Rippach-/Saaletal mobil

Die ländliche und vom Braunkohleabbau geprägte Region rund um Hohenmölsen, Lützen, Teuchern und Weißenfels im Burgenlandkreis hat mit großen demografischen Veränderungen zu kämpfen. Schulen, medizinische Versorgungseinrichtungen und Einkaufsmöglichkeiten sind schwer erreichbar, insbesondere für Menschen ohne eigenes Auto. Hier muss der Öffentliche Personennahverkehr zukünftig mehr Verantwortung übernehmen, erhält dadurch aber auch die Chance, größere Marktanteile zu erreichen und die regionale Mobilität nachhaltiger zu gestalten.

Zielsetzung

Ziel des Planungsprojekts „Rippach-/Saaletal mobil“ war es, den Busverkehr für die Menschen in der Region zu einer tragfähigen alltäglichen Mobilitätsoption aufzuwerten. Er sollte so umgestaltet werden, dass er neben dem Schülerverkehr auch für weitere Nutzergruppen, allen voran im Einkaufs-, Freizeit-, Tourismus- und Berufsverkehr, attraktiv wird. Die Erreichbarkeit von öffentlichen, kulturellen und medizinischen Einrichtungen sollte erhöht, die Bedienungstakte verbessert und Anschlussbeziehungen maximal hergestellt werden. Um das neue System für die Zukunft zu rüsten, mussten in besonderem Maße die sich ändernden Bedürfnisse einer älter werdenden Bevölkerung berücksichtigt werden.

Vorgehen / Ergebnisse

Für die Planung eines solchen Busnetzes holten sich die Projektbeteiligten Rat bei der kombiBUS Gruppe, die in anderen Regionen bereits Verbesserungen im Busverkehr erreichen konnte. Den Ausgangspunkt der planerischen Arbeit bildete die Analyse des aktuellen Verkehrsangebots. Zudem wurde dessen Nutzung durch die Fahrgäste untersucht und zusammengetragen, welche öffentlichen, kulturellen und medizinischen Einrichtungen es im Untersuchungsgebiet gibt. Außerdem wurde eine Fachexkursion (siehe unten) durchgeführt.
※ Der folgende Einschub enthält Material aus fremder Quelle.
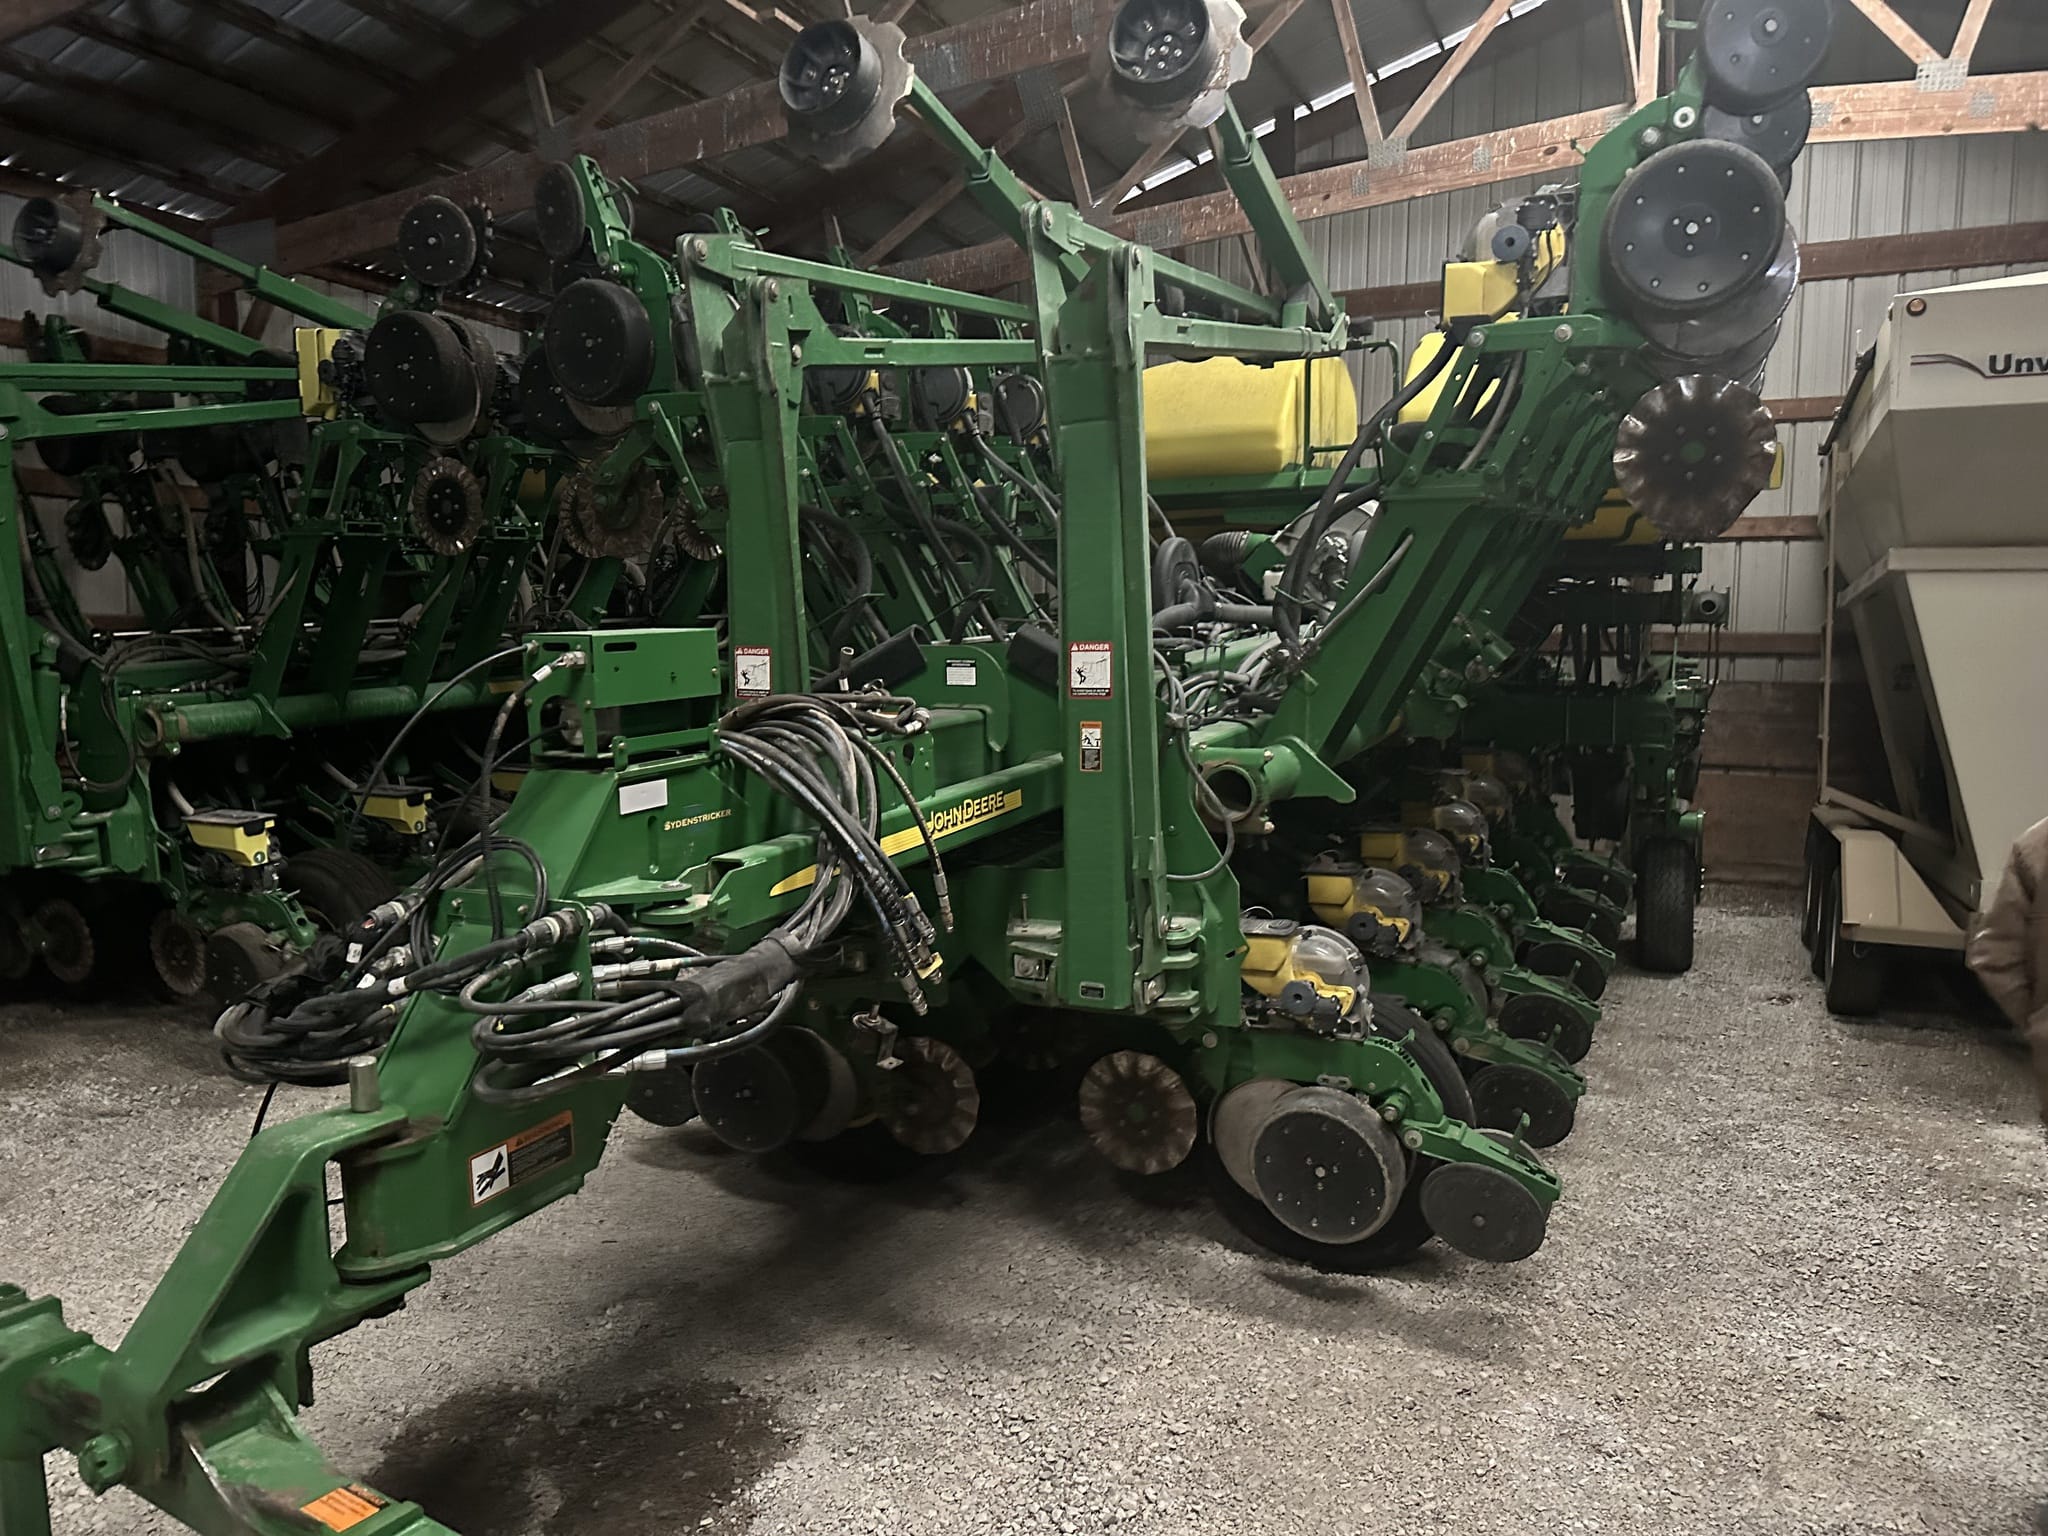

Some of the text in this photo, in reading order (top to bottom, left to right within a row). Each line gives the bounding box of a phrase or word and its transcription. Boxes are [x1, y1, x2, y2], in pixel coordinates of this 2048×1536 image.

Lösungsvorschläge zur Verbesserung des ÖPNV-Angebots in der Projektregion sind:

  • die Konstruktion eines vertakteten Fahrplans sowie von erforderlichen Verknüpfungspunkten und optimierten Linienführungen
  • das Erstellen eines Konzepts für die Bedienung von Teilräumen mittels flexibler Bedienformen (z. B. Rufbus)
  • das Erstellen eines Konzepts zur Intermodalität (z. B. Verknüpfung von Bus- und Fahrradverkehr)

Die Projektbeteiligten zeigten bei der Vorstellung der Zwischenergebnisse ein hohes Interesse an der Umsetzung der Lösungsvorschläge. Sie werden dementsprechend im Rahmen des Nachfolgeprojekts „Clever unterwegs im Burgenlandkreis“ aufgegriffen.

Fachexkursion im Projektgebiet

In einer Fachexkursion am 12. Juni 2015 haben sich Kommunalpolitiker aus Hohenmölsen und Teuchern, Verwaltungsmitarbeiter des Burgenlandkreises sowie Mitarbeiter des Mitteldeutschen Verkehrsverbunds (MDV), der Nahverkehrsservice Sachsen-Anhalt GmbH (NASA) und der PVG Burgenlandkreis unter Anleitung von Experten ein Bild vom aktuellen Zustand des Busverkehrssystems in der Region gemacht. Vor Ort konnten sich die Teilnehmer ein Bild von schwierigen Situationen und Negativbeispielen machen und gemeinsam künftige Lösungen erörtern.

 

Projektpartner

Folgende Projektpartner waren am Planungsprojekt „Rippach- / Saaletal mobil“ beteiligt:

Das Land Sachsen-Anhalt hat das Projekt im Rahmen der Richtlinie zur Förderung von Maßnahmen für die Gestaltung des Demografischen Wandels gefördert. Von November 2014 bis November 2015 bearbeiten die Büros Interlink aus Berlin, raumkom aus Trier und die Fahrplangesellschaft B&B aus Oelsnitz im Vogtland – zusammengeschlossen in der kombiBUS Gruppe – das Projekt als Gutachter.